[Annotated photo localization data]
---*---
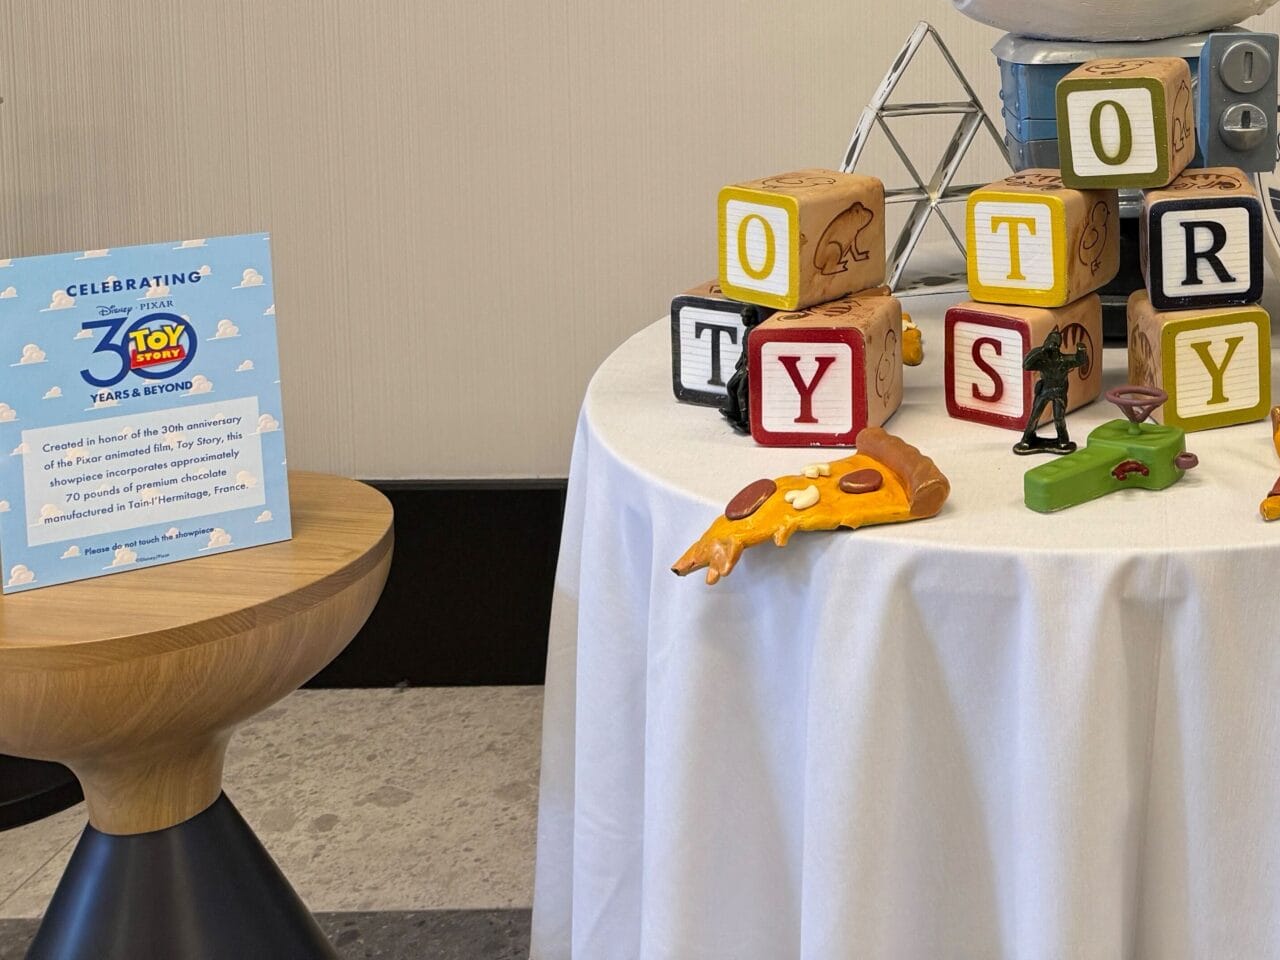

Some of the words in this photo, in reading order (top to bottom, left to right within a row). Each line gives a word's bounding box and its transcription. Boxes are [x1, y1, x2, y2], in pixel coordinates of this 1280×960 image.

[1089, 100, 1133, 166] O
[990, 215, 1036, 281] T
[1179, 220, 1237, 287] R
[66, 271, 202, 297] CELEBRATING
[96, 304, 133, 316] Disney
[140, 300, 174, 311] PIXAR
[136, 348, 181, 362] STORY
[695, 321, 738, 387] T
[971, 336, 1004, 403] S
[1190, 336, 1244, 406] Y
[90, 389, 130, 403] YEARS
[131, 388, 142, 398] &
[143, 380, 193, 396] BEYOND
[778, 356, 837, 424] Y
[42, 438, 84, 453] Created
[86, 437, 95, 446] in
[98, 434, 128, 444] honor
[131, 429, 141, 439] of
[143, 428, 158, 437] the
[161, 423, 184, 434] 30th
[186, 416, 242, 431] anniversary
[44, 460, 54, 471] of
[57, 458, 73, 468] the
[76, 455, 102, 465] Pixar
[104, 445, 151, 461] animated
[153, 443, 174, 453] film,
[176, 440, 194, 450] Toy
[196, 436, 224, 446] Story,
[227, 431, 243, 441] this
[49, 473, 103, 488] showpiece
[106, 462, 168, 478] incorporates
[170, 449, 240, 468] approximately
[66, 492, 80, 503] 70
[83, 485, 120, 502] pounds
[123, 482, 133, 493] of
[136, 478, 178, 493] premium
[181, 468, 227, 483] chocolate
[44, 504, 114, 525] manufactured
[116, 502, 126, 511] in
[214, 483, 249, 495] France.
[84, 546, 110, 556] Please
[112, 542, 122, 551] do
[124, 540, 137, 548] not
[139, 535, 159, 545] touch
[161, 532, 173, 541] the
---*---
● Try it
Transcribe the records above exactly, without images.

● Response
Some of the words in this photo, in reading order (top to bottom, left to right within a row). Each line gives a word's bounding box and its transcription. Boxes are [x1, y1, x2, y2], in pixel coordinates of this 1280×960 image.

[1089, 100, 1133, 166] O
[990, 215, 1036, 281] T
[1179, 220, 1237, 287] R
[66, 271, 202, 297] CELEBRATING
[96, 304, 133, 316] Disney
[140, 300, 174, 311] PIXAR
[136, 348, 181, 362] STORY
[695, 321, 738, 387] T
[971, 336, 1004, 403] S
[1190, 336, 1244, 406] Y
[90, 389, 130, 403] YEARS
[131, 388, 142, 398] &
[143, 380, 193, 396] BEYOND
[778, 356, 837, 424] Y
[42, 438, 84, 453] Created
[86, 437, 95, 446] in
[98, 434, 128, 444] honor
[131, 429, 141, 439] of
[143, 428, 158, 437] the
[161, 423, 184, 434] 30th
[186, 416, 242, 431] anniversary
[44, 460, 54, 471] of
[57, 458, 73, 468] the
[76, 455, 102, 465] Pixar
[104, 445, 151, 461] animated
[153, 443, 174, 453] film,
[176, 440, 194, 450] Toy
[196, 436, 224, 446] Story,
[227, 431, 243, 441] this
[49, 473, 103, 488] showpiece
[106, 462, 168, 478] incorporates
[170, 449, 240, 468] approximately
[66, 492, 80, 503] 70
[83, 485, 120, 502] pounds
[123, 482, 133, 493] of
[136, 478, 178, 493] premium
[181, 468, 227, 483] chocolate
[44, 504, 114, 525] manufactured
[116, 502, 126, 511] in
[214, 483, 249, 495] France.
[84, 546, 110, 556] Please
[112, 542, 122, 551] do
[124, 540, 137, 548] not
[139, 535, 159, 545] touch
[161, 532, 173, 541] the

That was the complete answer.